Rock re-examined in a red dress
On Friday 21 October they were at Upset the Rhythm’s night at the Luminaire, in deepest Brent borough. Second support Leopard Leg from Brighton provided a thundering, female counterpart to Can's freeform yowlfest ‘Peking O’ off Tago Mago. At times about five drummers were employed to propagate sonic chaos. But their desire to subvert rock’s male dynamics may not have been helped by the rather orgasmic finale.
Then Afrirampo came on and energised most rock formats known to Homus Giggus. Initial fears about it being a mere retro glam stomp were quickly allayed, as the “girls” either eschewed or satirised various other rock conventions. The obligatory wade into the small but compact crowd was an amusing exercise in expressing the mutual desperation contained in appeal and adulation, as well as breaking the boundary between performer and spectator.

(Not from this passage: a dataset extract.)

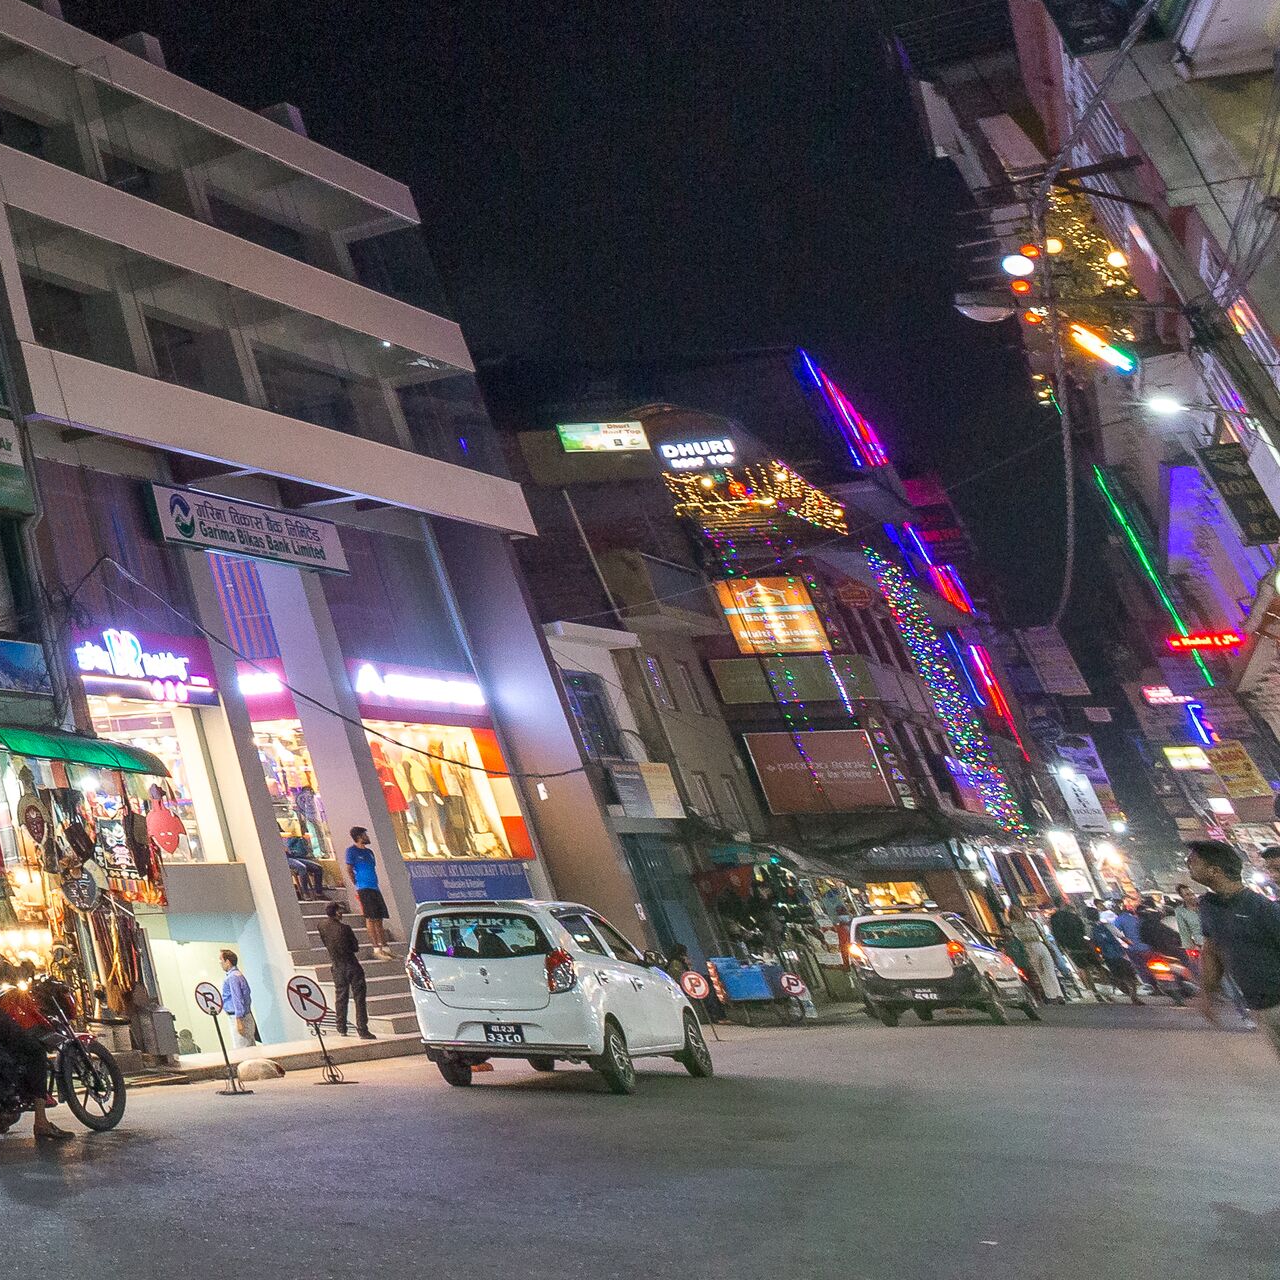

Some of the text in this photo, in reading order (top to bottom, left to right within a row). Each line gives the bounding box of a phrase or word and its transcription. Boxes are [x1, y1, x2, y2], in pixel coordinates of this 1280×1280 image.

[661, 438, 736, 459] DHURI
[199, 522, 327, 561] Garima Bikas Bank Limited
[487, 1033, 522, 1043] ३३८०

The number of people mucking about on stage at the end confirmed a theatrical atmosphere of self-consciously relaxed riot. Use of grinding heavy/death metal chords was uplifted by drumming that competed and complemented – this never happens in the metal genres mentioned and perhaps illustrates why they are inherently and crushingly conservative. What may have been a bloke offstage working their vox through an FX box only added to the melee.
On stage they reduce rock's vocal element even further to its essentials, while also entertainingly highlighting and integrating the potential language 'barrier'. A series of yelps, cries and screams correspondent with the context of the song, the “language” irrelevant... vocal chords can make meaning without words.
“You do wonder if they aren’t having a little fun playing with our desire for savagery. Their musical accomplishment is a shock, but not because of their cuteness,” wrote Plan B in their Cover Story a while back. Sure. Clearly there is an awareness of what they are presenting, and such things complement rather than contradict the anti-language on stage, the cod-English booby babble above or the primal rock thump of their music. Naked, it should be asserted, should not be taken literally by the indie spotters/tossers which will inevitably form their prime fanbase. Their “nude minds” are free to think, you’ll laugh out loud and dig the beat while realising their treatment of 20th-century rawk is on to something.